Re: [PATCH v8 7/7] arm64: kvm: handle SError Interrupt by categorization
From: James Morse
Date: Mon Jan 22 2018 - 14:34:44 EST
Hi gengdongjiu,
On 21/01/18 02:45, gengdongjiu wrote:
> For the ESR_ELx_AET_UER, this exception is precise, closing the VM may
> be better[1].
> But if you think panic is better until we support kernel-first, it is
> also OK to me.
I'm not convinced SError while a guest was running means only guest memory could
be affected. Mechanisms like KSM means the error could affect multiple guests.
Both firmware-fist and kernel-first will give us the address, with which we can
know which processes are affected, isolated the memory and signal affected
processes.
Until we have one of these panic() is the only way we have to contain an error,
but its an interim fix.
Not panic()ing the host for an error that should be contained to the guest is a
fudge, we don't actually know its safe (KSM, page-table etc). I want to improve
on this with {firmware, kernel}-first support (or both!), I don't want to expose
that this is happening to user-space, as once we have one of {firmware,
kernel}-first, it shouldn't happen.
>> This is inventing something new for RAS errors not claimed by firmware-first.
>> If we have kernel-first too, this will never happen. (unless your system is
>> losing the error description).
> In fact, if we have kernel-first, I think we still need to judge the
> error type by ESR, right?
The kernel-first mechanism should consider the ESR/FAR, yes, but once the error
has been claimed and handled, KVM shouldn't care about any of these values.

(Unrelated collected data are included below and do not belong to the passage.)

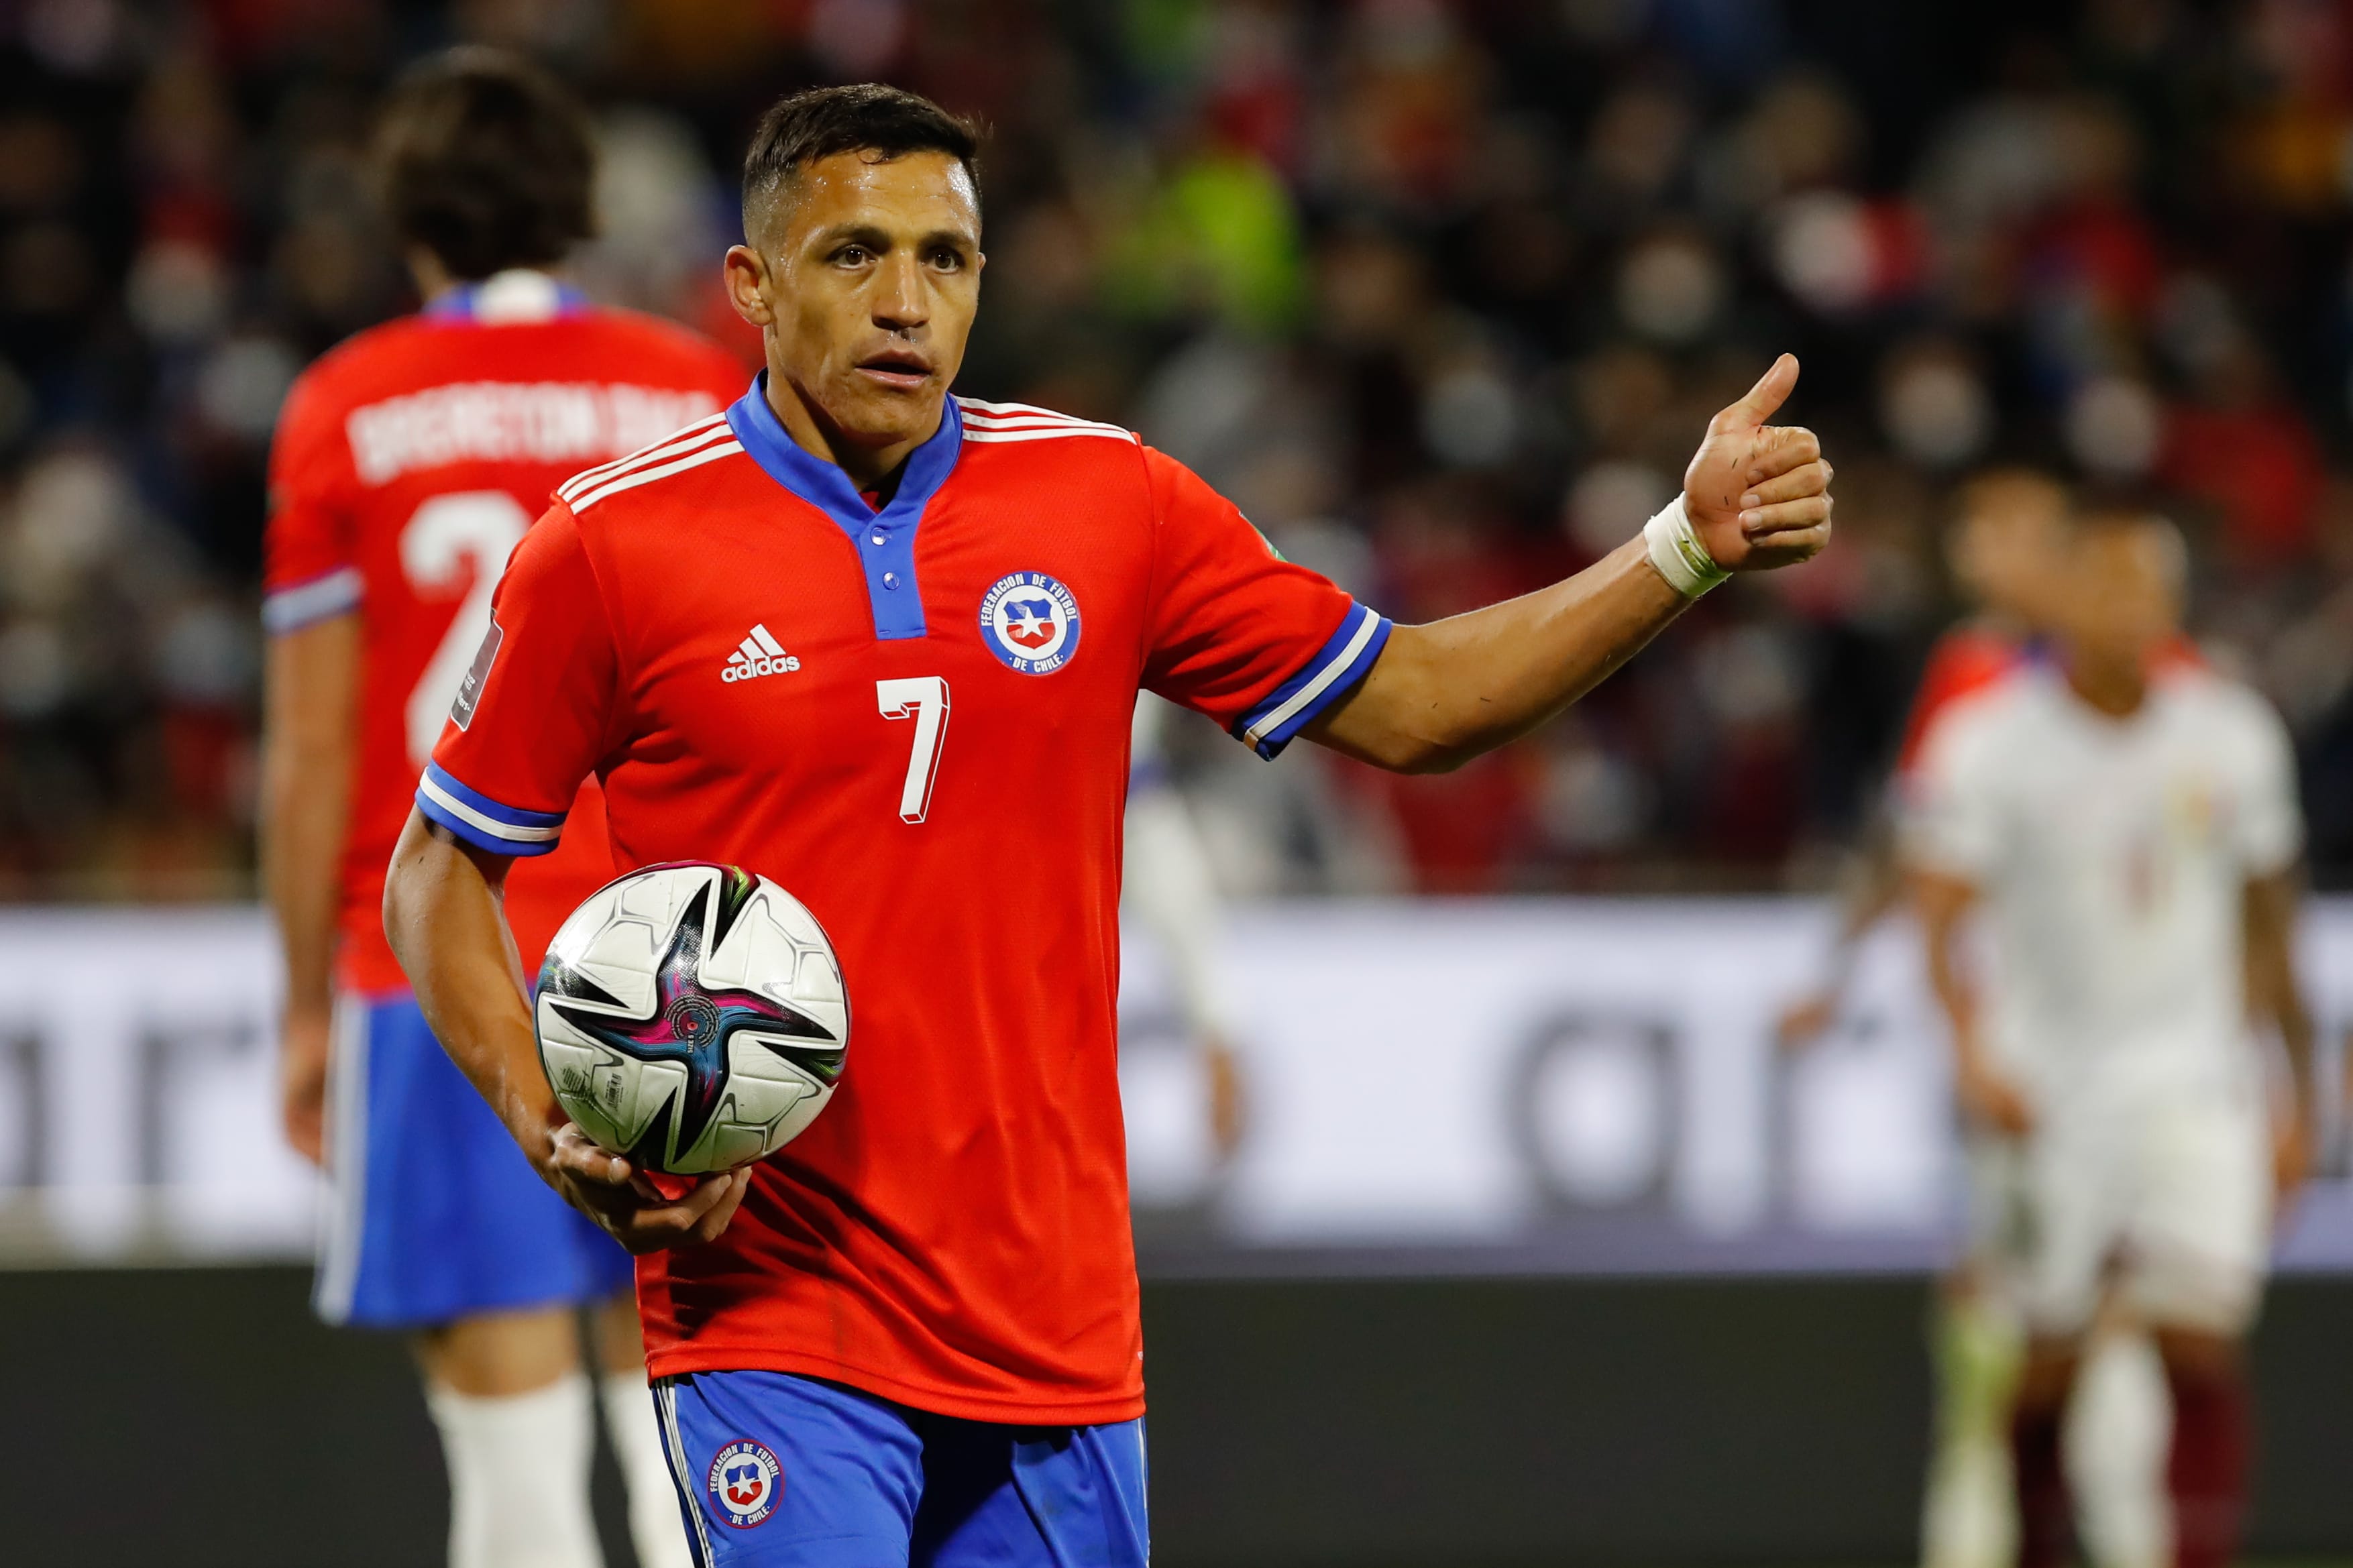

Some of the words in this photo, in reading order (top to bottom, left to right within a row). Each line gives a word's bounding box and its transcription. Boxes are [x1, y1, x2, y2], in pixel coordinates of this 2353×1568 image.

[981, 573, 1025, 626] FEDERACION
[1032, 573, 1046, 587] DE
[1049, 582, 1077, 622] FUTBOL
[721, 655, 801, 683] adidas
[1013, 658, 1027, 671] DE
[1034, 654, 1062, 673] CHILE
[876, 675, 950, 824] 7
[687, 1040, 695, 1054] SIZE
[710, 1444, 738, 1492] FEDERACION
[743, 1443, 754, 1453] DE
[756, 1448, 779, 1478] FUTBOL
[732, 1514, 743, 1525] DE
[747, 1506, 769, 1524] CHILE

(maybe we'll sanity check for uncontained errors, just in case the error escaped
to the RAS code...)
My point here was exposing 'unhandled' (ignored) RAS errors to user-space
creates an ABI: someone will complain once we start handling the error, and they
no longer get a notification via this 'unhandled' interface. Code written to use
this interface becomes useless/untested.
> If the handle_guest_sei() , may be the system does not support firmware-first,
> so we judge the ESR value,
...and panic()/ignore as appropriate.
I agree not all systems will support firmware-first, (big-endian is the obvious
example), but if we get kernel-first support this ESR guessing can disappear,
I'm against exposing it to user-space in the meantime.
Thanks,
James